══ Dataset excerpts ══
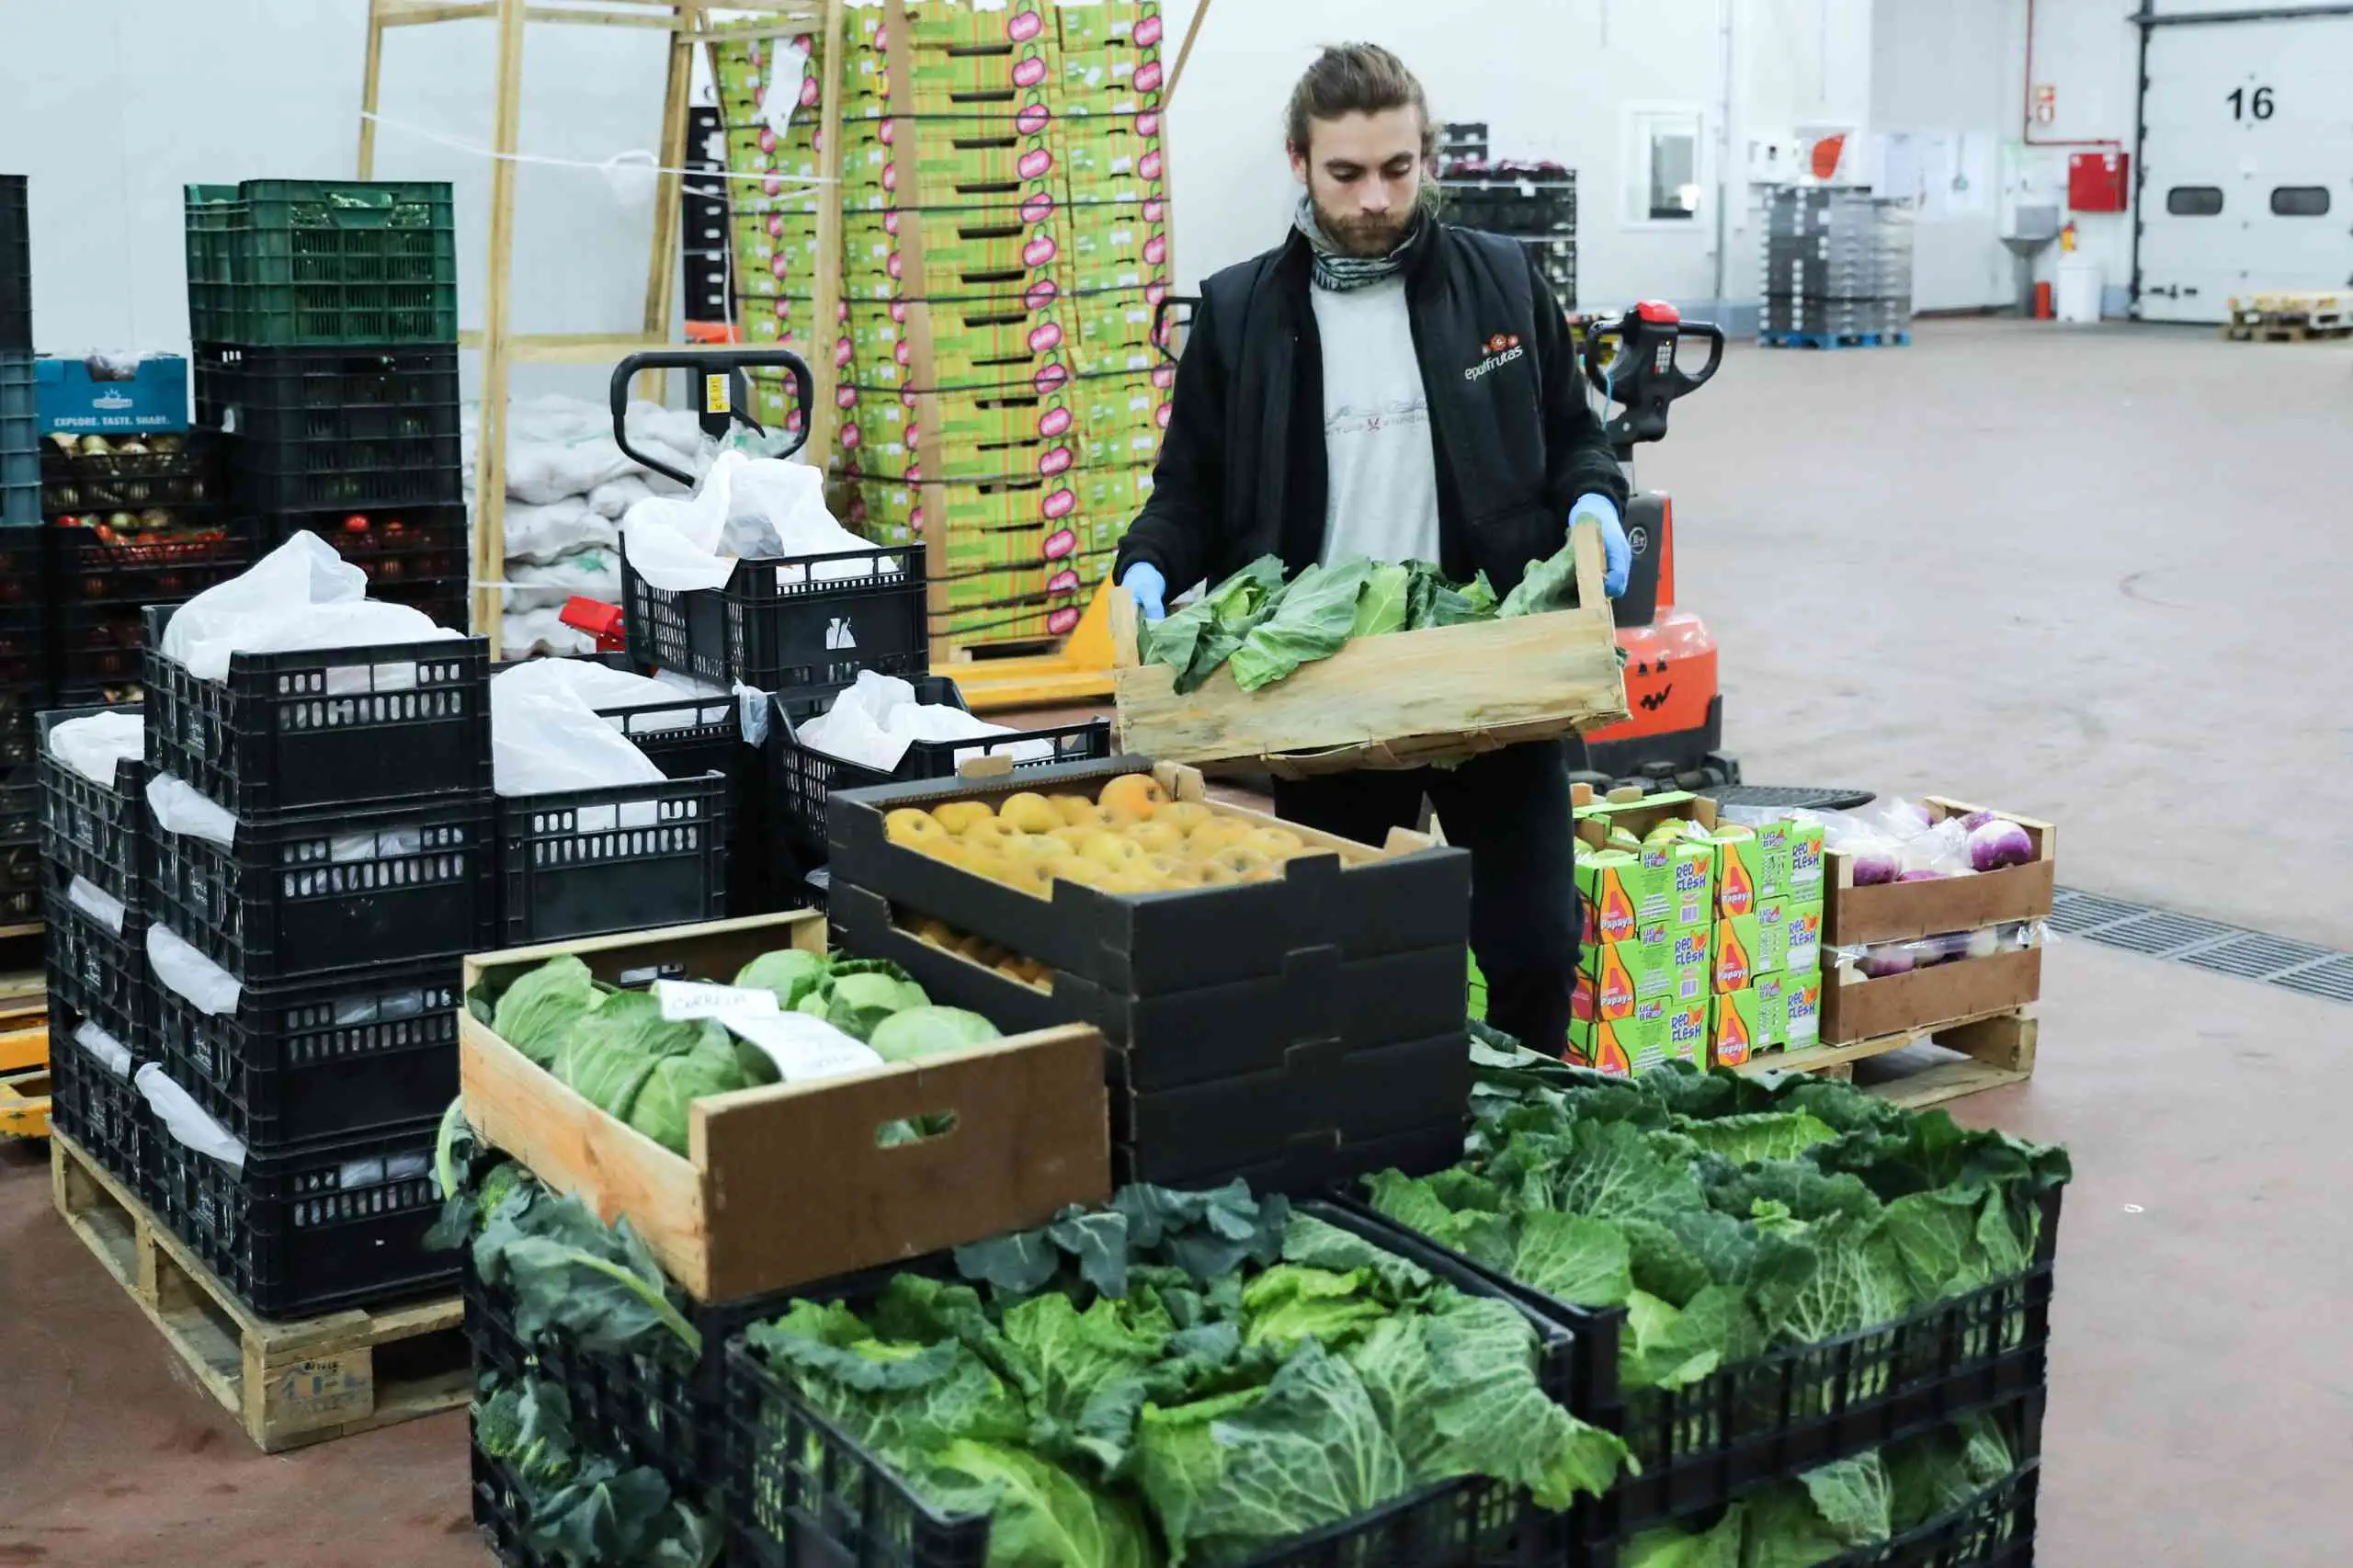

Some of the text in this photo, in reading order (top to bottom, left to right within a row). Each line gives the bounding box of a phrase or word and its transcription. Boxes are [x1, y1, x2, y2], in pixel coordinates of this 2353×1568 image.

[2226, 87, 2275, 120] 16
[53, 416, 100, 426] EXPLORE.
[102, 415, 133, 426] TASTE.
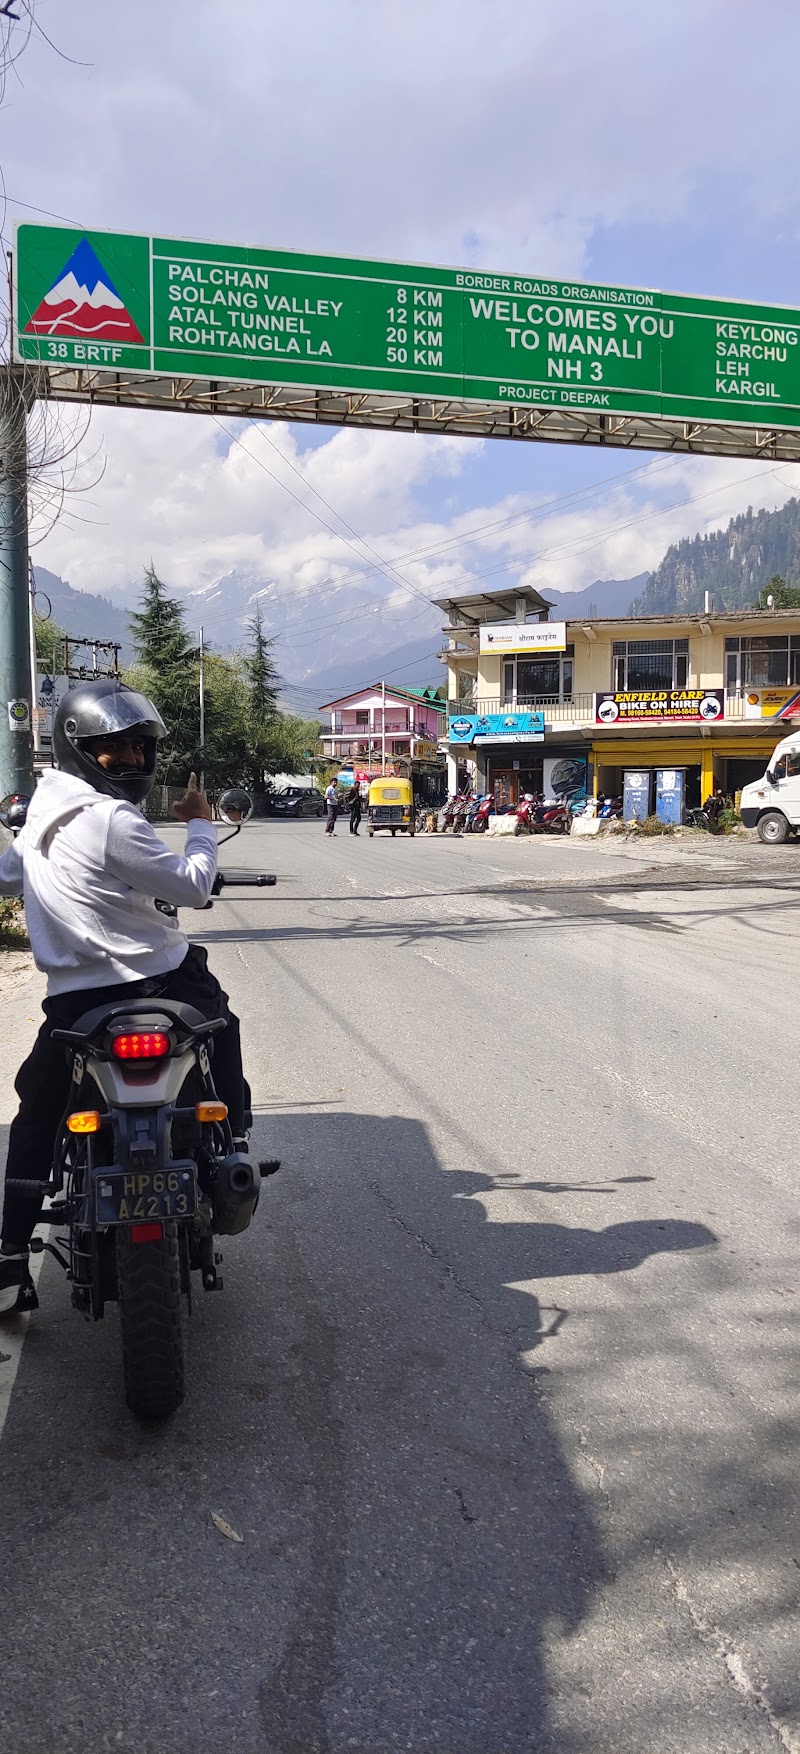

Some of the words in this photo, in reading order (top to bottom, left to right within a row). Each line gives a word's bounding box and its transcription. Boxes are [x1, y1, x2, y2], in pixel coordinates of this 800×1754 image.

[168, 264, 269, 290] PALCHAN
[168, 284, 258, 309] SOLANG
[263, 294, 343, 317] VALLEY
[396, 288, 407, 304] 8
[413, 289, 443, 308] KM
[456, 274, 511, 291] BORDER
[513, 280, 558, 296] ROADS
[561, 285, 654, 306] ORGANISATION
[168, 305, 222, 326] ATAL
[227, 311, 311, 334] TUNNEL
[386, 307, 407, 324] 12
[413, 309, 443, 328] KM
[469, 297, 617, 332] WELCOMES
[623, 313, 674, 339] YOU
[169, 325, 301, 354] ROHTANGLA
[306, 339, 333, 356] LA
[386, 326, 408, 344] 20
[413, 329, 443, 347] KM
[505, 327, 540, 350] TO
[547, 331, 642, 360] MANALI
[716, 322, 798, 346] KEYLONG
[47, 342, 68, 358] 38
[74, 344, 122, 362] BRTF
[386, 346, 408, 364] 50
[413, 349, 443, 367] KM
[715, 341, 787, 363] SARCHU
[547, 357, 582, 380] NH
[590, 361, 603, 382] 3
[715, 360, 749, 377] LEH
[499, 385, 557, 401] PROJECT
[560, 391, 610, 406] DEEPAK
[715, 378, 781, 398] KARGIL
[614, 692, 667, 703] ENFIELD
[670, 690, 705, 701] CARE
[619, 701, 648, 710] BIKE
[650, 701, 668, 709] ON
[670, 700, 700, 708] HIRE
[123, 1172, 180, 1197] HP66
[118, 1193, 188, 1220] A4213
═══
**The task:** Return the listing verbatim, pictures excluded.

**Your solution:**
Some of the text in this photo, in reading order (top to bottom, left to right within a row). Each line gives the bounding box of a phrase or word and its transcription. Boxes are [x1, y1, x2, y2], in pixel coordinates of this 2353×1568 image.

[2226, 87, 2275, 120] 16
[53, 416, 100, 426] EXPLORE.
[102, 415, 133, 426] TASTE.

Some of the words in this photo, in reading order (top to bottom, left to right within a row). Each line gives a word's bounding box and its transcription. Boxes are [x1, y1, x2, y2], in pixel coordinates of this 800×1754 image.

[168, 264, 269, 290] PALCHAN
[168, 284, 258, 309] SOLANG
[263, 294, 343, 317] VALLEY
[396, 288, 407, 304] 8
[413, 289, 443, 308] KM
[456, 274, 511, 291] BORDER
[513, 280, 558, 296] ROADS
[561, 285, 654, 306] ORGANISATION
[168, 305, 222, 326] ATAL
[227, 311, 311, 334] TUNNEL
[386, 307, 407, 324] 12
[413, 309, 443, 328] KM
[469, 297, 617, 332] WELCOMES
[623, 313, 674, 339] YOU
[169, 325, 301, 354] ROHTANGLA
[306, 339, 333, 356] LA
[386, 326, 408, 344] 20
[413, 329, 443, 347] KM
[505, 327, 540, 350] TO
[547, 331, 642, 360] MANALI
[716, 322, 798, 346] KEYLONG
[47, 342, 68, 358] 38
[74, 344, 122, 362] BRTF
[386, 346, 408, 364] 50
[413, 349, 443, 367] KM
[715, 341, 787, 363] SARCHU
[547, 357, 582, 380] NH
[590, 361, 603, 382] 3
[715, 360, 749, 377] LEH
[499, 385, 557, 401] PROJECT
[560, 391, 610, 406] DEEPAK
[715, 378, 781, 398] KARGIL
[614, 692, 667, 703] ENFIELD
[670, 690, 705, 701] CARE
[619, 701, 648, 710] BIKE
[650, 701, 668, 709] ON
[670, 700, 700, 708] HIRE
[123, 1172, 180, 1197] HP66
[118, 1193, 188, 1220] A4213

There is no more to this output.